Schnurr is a past president of the Iowa State Bar Association and has over 35 years of experience in the legal field.

“Supposedly the NRA wants to create this iron shield around gun rights,” Schnurr said, noting that the vague language in the amendment doesn’t necessarily do that.

The question is, Schnurr said, what exactly is the right stated in the amendment?

“Is it the right that exists now, at the time of passage to possess and own guns?” he asked. “Well, there’s limitations to that right, such as felons can’t.”

Judges in the state will bear the burden of interpreting that “vague” language and applying it to state laws, Schnurr said. The courts will have to determine if “the right” in the amendment is the rights Iowans currently have to own guns, with some restrictions; or if “the right” is an unlimited right to all individuals to own all types of guns.

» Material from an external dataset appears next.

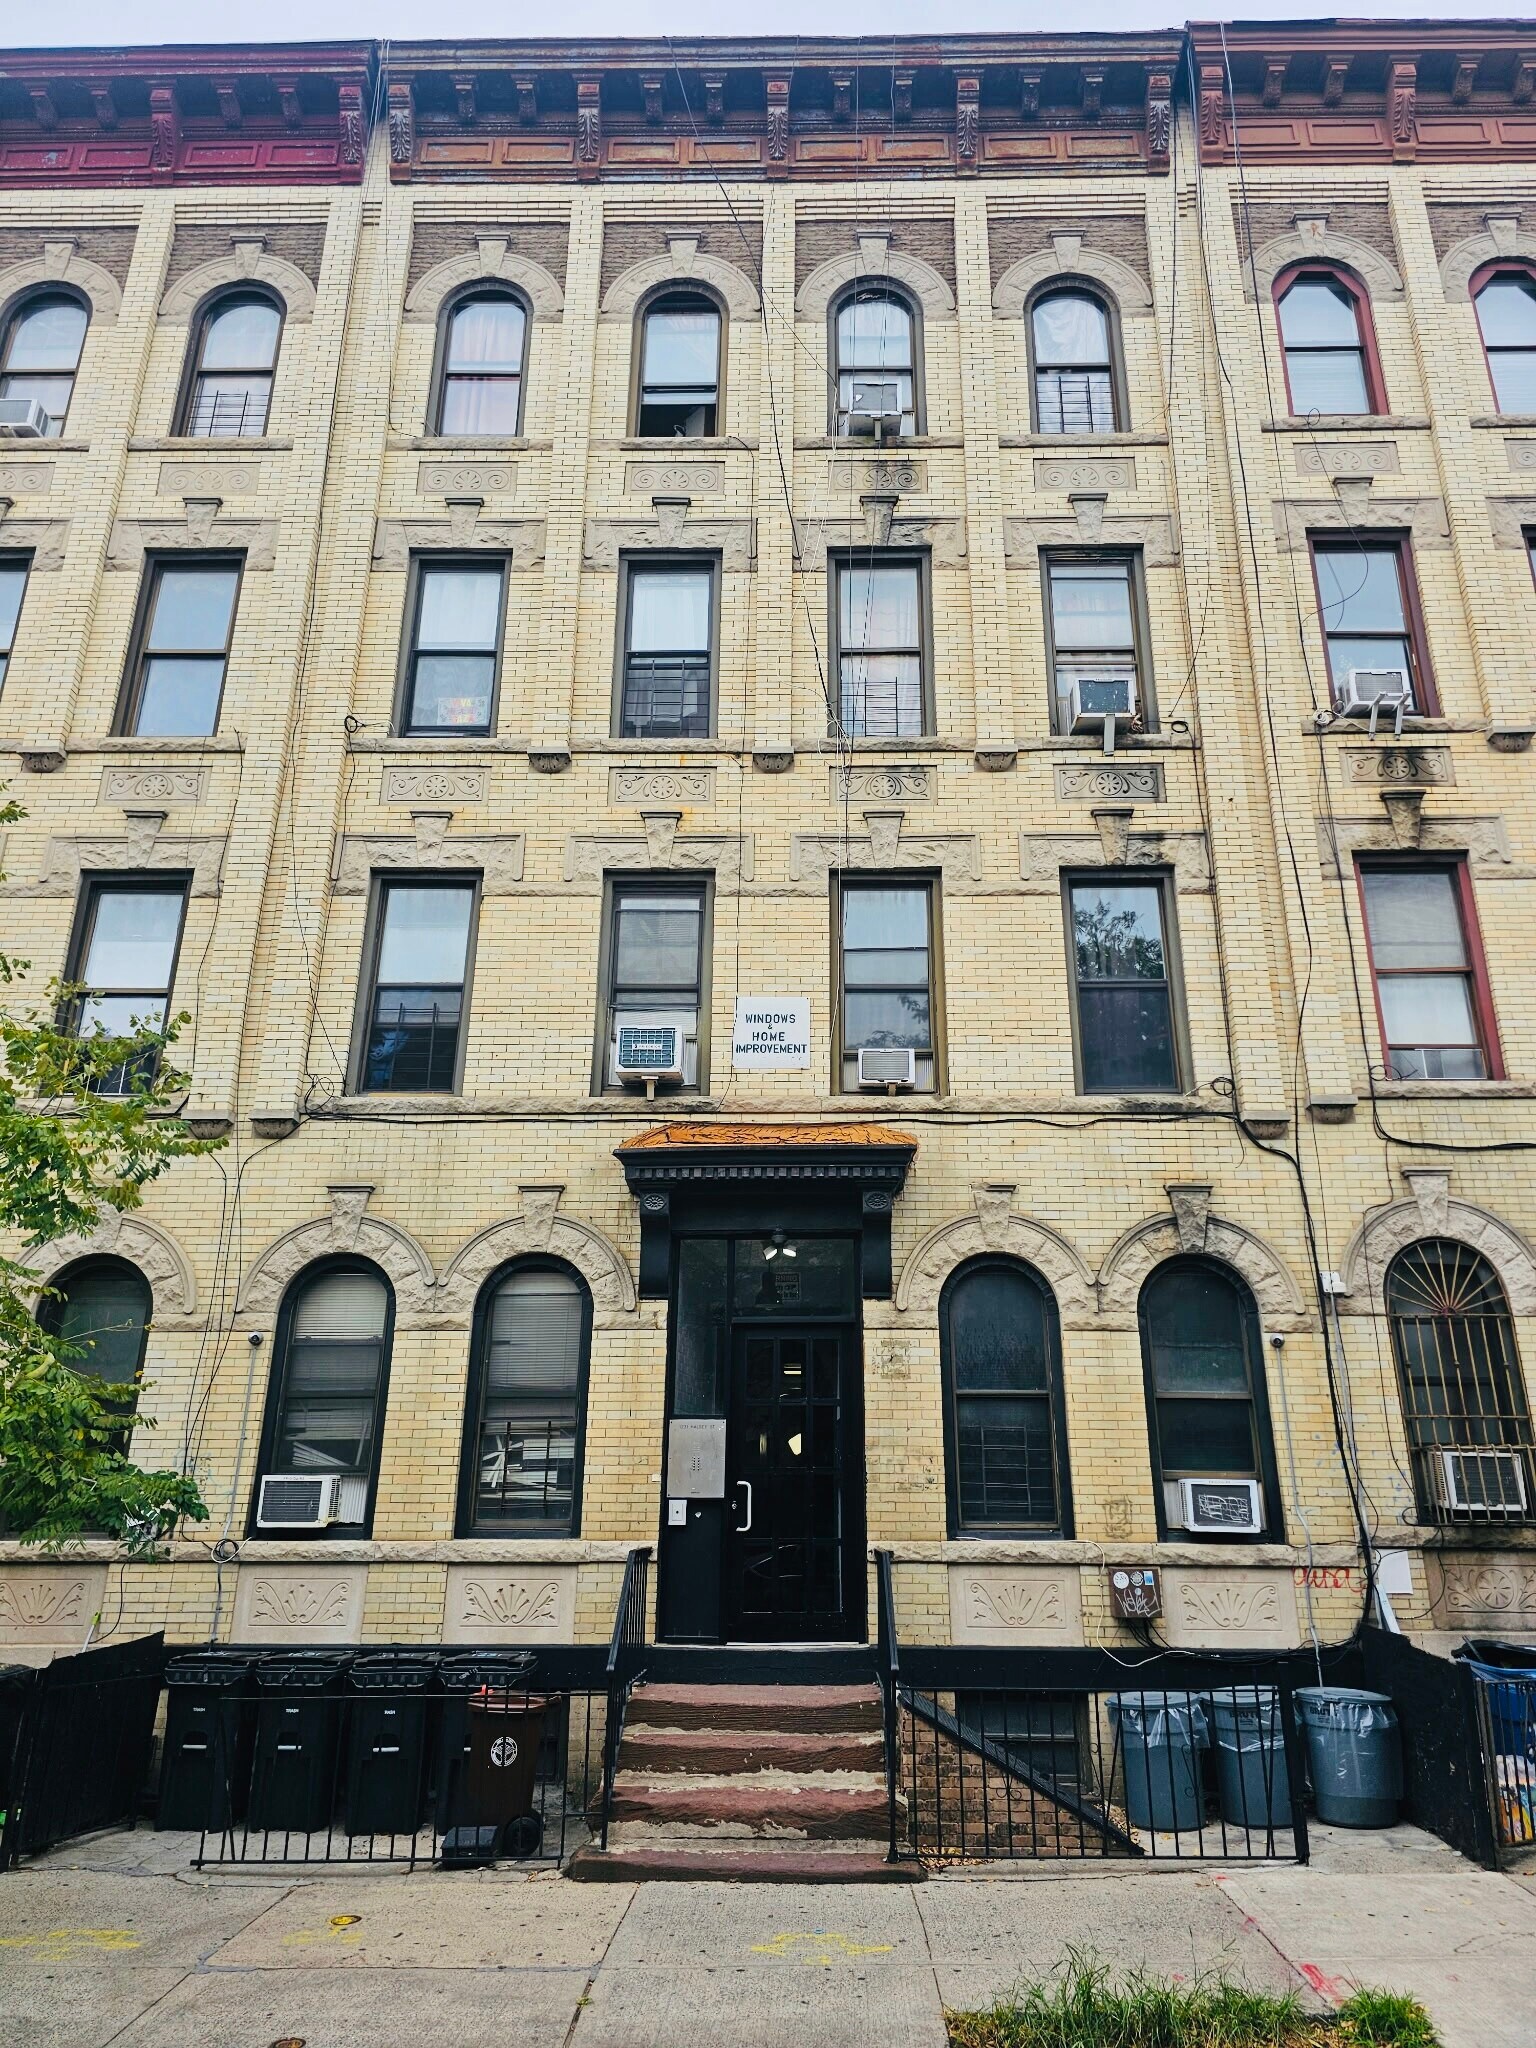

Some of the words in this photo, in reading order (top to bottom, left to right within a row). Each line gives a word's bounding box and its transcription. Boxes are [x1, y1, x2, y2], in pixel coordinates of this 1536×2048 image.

“The proposed strict-scrutiny amendments leave courts with significant latitude to define the scope of the fundamental constitutional right to which the strict-scrutiny standard attaches,” University of Iowa College of Law professor Todd E. Pettys wrote in the 2019 Iowa Law Review.

“The job of ascertaining the scope of the strongly protected fundamental right to keep and bear arms will fall to judges — the very same people whose purported ‘anti-gun activisim’ the NRA says necessitates these amendments in the first place,” Pettys wrote in his Iowa Law Review essay.

Iowa law currently bars convicted felons and individuals convicted of misdemeanor domestic assault from owning or possessing firearms. If the courts interpret the phrase “the right” to mean an unlimited right with no restrictions, those statutes that bar felons from owning guns would fail under strict scrutiny because it is too broad, Schnurr said. If the courts strike down those statutes, he said, there wouldn’t be any law prohibiting any felon — violent or not — from possessing any firearm in Iowa.

“It seems that our legislature more recently has been expanding gun ownership and possession rights, rather than restricting them,” Schnurr said. “Could they narrow [the restrictions on felons]? I suppose they could. Would they? I don’t know.”

Instead of building that “iron wall” around gun rights, Iowa’s proposed amendment is likely to muddy the waters of the legal system, Schnurr said.

“There’s a lot of questions, a lot of unanswered questions,” he said. “There’s going to be a lot of litigation over it and I don’t know how the court will come up.”

Anti-domestic violence advocates say the amendment would undermine efforts to enhance safety and make it harder to prevent violence. The amendment “requires judges to elevate gun rights over public safety every time, invites legal challenges to current law and makes it harder to enact gun safety measures broadly supported by most Iowans,” according to the Iowa Coalition Against Domestic Violence.

Domestic violence and gun violence are “inextricably linked,” and both are preventable public health problems, the ICADV says.

According to data from the Educational Fund to Stop Gun Violence, when guns are involved in domestic violence, a female partner is five times more likely to be killed. Guns kill 55% of women murdered by an intimate partner.

Voting no on Statewide Ballot Measure 1 does not take away any existing gun rights, the ICADV says. “Voting no rejects changes to Iowa’s constitution that would make it harder for lawmakers to enact policies to help prevent gun violence, like background checks and restricting access for people at risk of harming themselves or others.

On Tuesday, the ballot measure only has to be approved by a simple majority of voters to pass.